At your son's age, anything over 30 mins is going to cause his mind to wander. Those intelligence tests are overrated. I generally did well on them, and was often in the top percentiles, but I didn't apply myself in school, and am behind a lot of "less smart" classmates. There are many people of average intelligence whose work ethic will carry them far beyond those lazy persons with high IQs. My advice: Teach your son a work ethic, don't worry overly much about the scores (which sound like you said; he got bored), and tell those busybody test-people to back the F off!
How do you IQ test someone who's brain is still developing. Since brains do not develope the same way in any two individuals. I am very interested in child psychology, this is a waste of time.
If you go to the interview. I would suggest you question the validity of the test. Who designed it and who sponsored it. As well as the reason for administrating it in the first place.
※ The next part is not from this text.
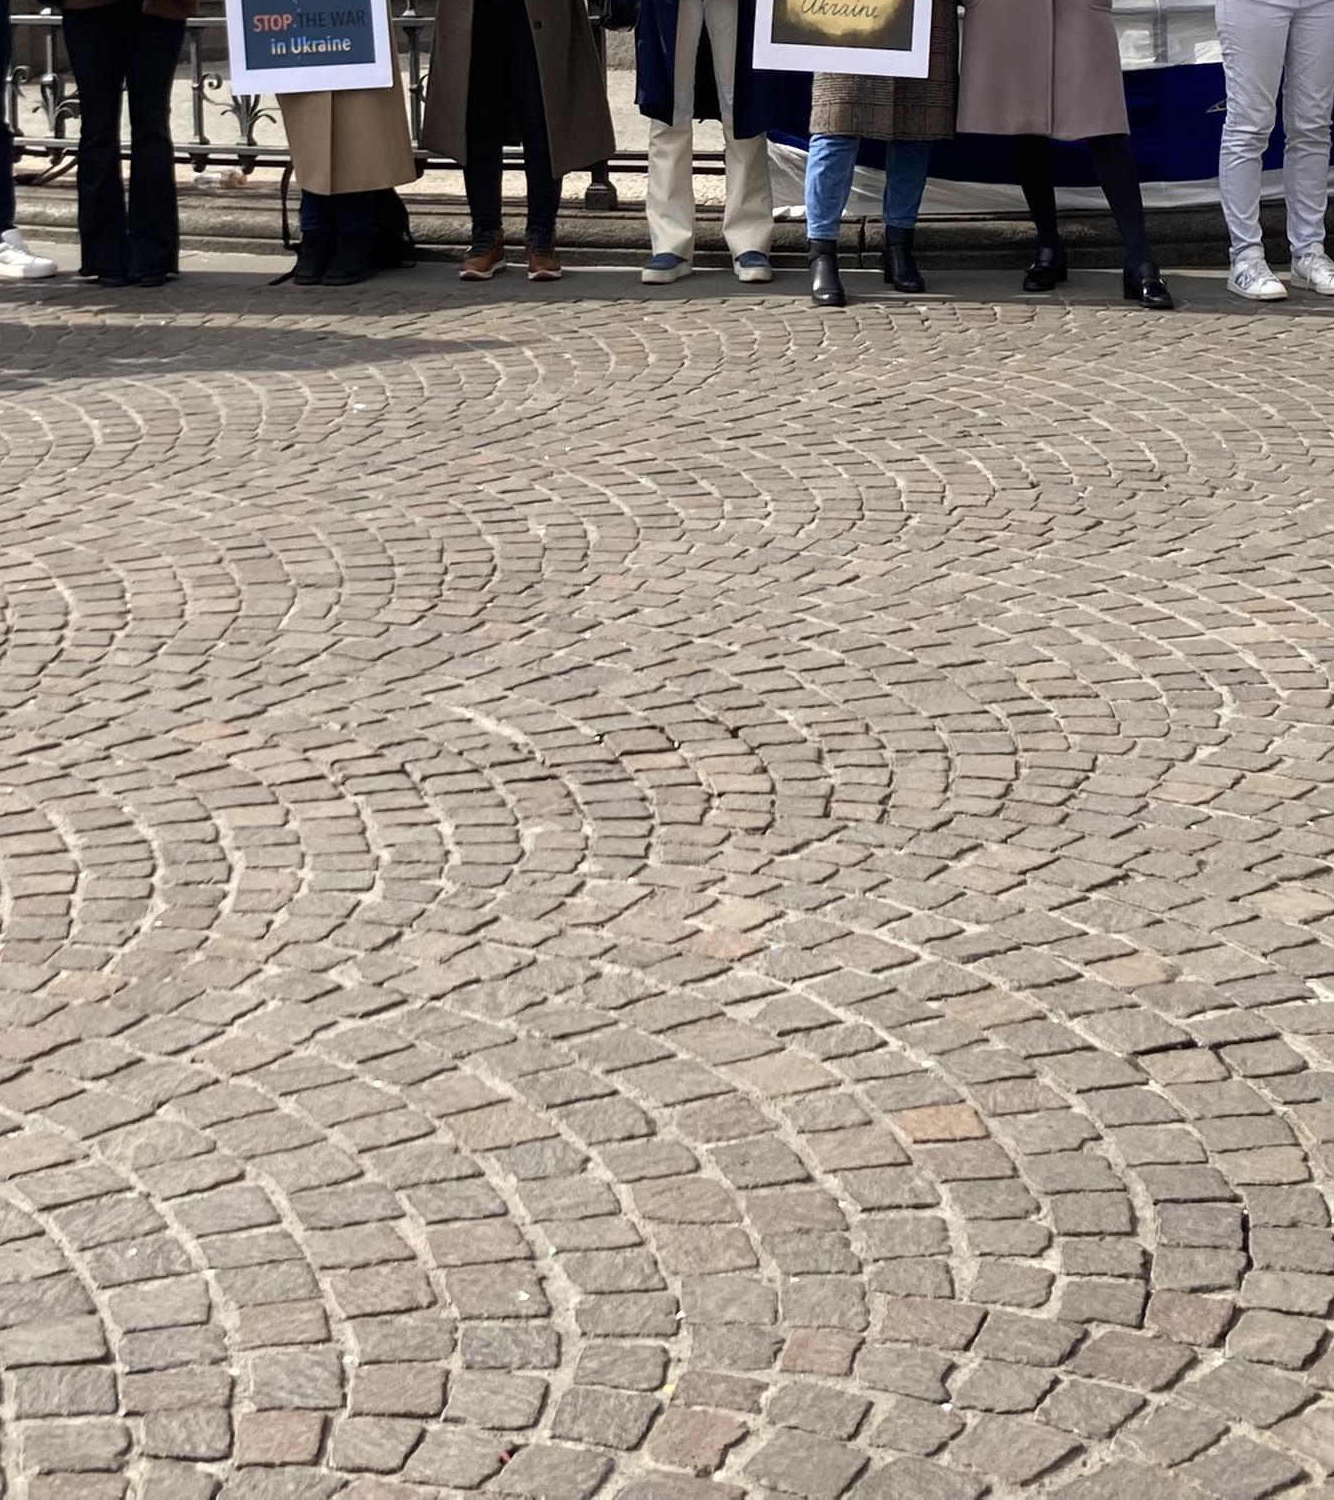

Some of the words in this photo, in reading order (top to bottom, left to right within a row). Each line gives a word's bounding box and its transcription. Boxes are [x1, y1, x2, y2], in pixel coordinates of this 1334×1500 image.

The retards that give these tests have zero idea what they are doing. Very few parents will understand the insignificance of these tests. Many however will start to treat their childern differently and this is not a good thing.
you expect him to walk in and question the validity of the test...by what means? he doesnt know a thing about these tests. im sure these "retards" who desgined it know a bit more about it than he or you do.
The problem here is that you're assuming that the people who administer these tests interpret the results the same way that people talk about them casually. If the person knows that they are doing, this is not the case.
There is no such thing as "IQ." It's a made up construct. What an "IQ" will tell you is how one person's scores compare to a comparison group (a normed sample from the population that was used after test development).
So if someone scores a 115 on a test, all that says is that person did better than most (better than a certain percentage). It would be incorrect to make any concrete judgments about a person's intelligence.
Absolutely I'm going to question the validity of it, or at least the way it was administered. When they see a huge drop off from one section to another, especially with a young child whose attention span may be short, they should stop the test and resume later. Stopping the test was an option. I know it was because the woman administering it said "we'll see if we can get through it in one session".
Also, I'm not certain, but my impression is the first section was the 92 and each section got lower. That may be just a coincidence but it looks like diminishing interest to me.
From the spread you posted it sounds like your theory is pretty reasonable. Some of the biofeedback stuff is geared towards improving the ability to sustain attention and if your theory is right then this might be appropriate. I say might because I don't know how strong the evidence is for efficacy here.
I've gotta ask though, what were the areas corresponding to those scores? I've known enough people who were brilliant, say, mathematically, but borderline retarded when it came to writing ability. There are also people who have the reverse issue. It is worth investigating this to figure out if it's a false alarm or not. The brain at that age is quite malleable and if there is an underlying issue then it would pay over the long run to work on it early.
and what are you going to make of what they tell you? do you have a background in childhood development, psychology, or medicine? if you dont think your kid is the level of intelligence the test says he is you dont have to believe it. so long as he makes good grades i dont see what difference it makes either way. im just saying you may bite off a little more than you can chew trying to argue with these people.
i understand everyone thinks that since they know more than the average personal trainer they should question every single method out there but the people who develop these tests didnt do a 2 week course, they probaly went to school for 10 years.
Okay, well I can tell you that it's generally a valid test. What may be invalid is administration of the test or interpretation of test results.
Someone who is well-trained and knows what they're doing would be well-aware of the possible alternate explanations that you've mentioned (losing interest in the test, fatigue, lack of attention, etc.). The problem is that a score is a score, and any interpretation of why someone obtained a score gets very subjective. Like I said, all one can say is what score someone obtained, which represents how they did to the general population of others the same age.
I'd also be interested in hearing, as someone else suggested, if there's a pattern of strengths/weaknesses on the test that make sense, like a strength with verbal information and memory but weakness in perceptual reasoning and processing speed. Scores that discrepant are very rare, but who knows.
Did you go to a reputable place to get this done? Was it done at school? There are so many unqualified people out there doing this stuff. I'd also second the concern about how much evidence there is out there about biofeedback. Learning and school stuff is not my specialty, but in my field, biofeedback is generally regarded as a joke. I don't know if it differs in other areas, though.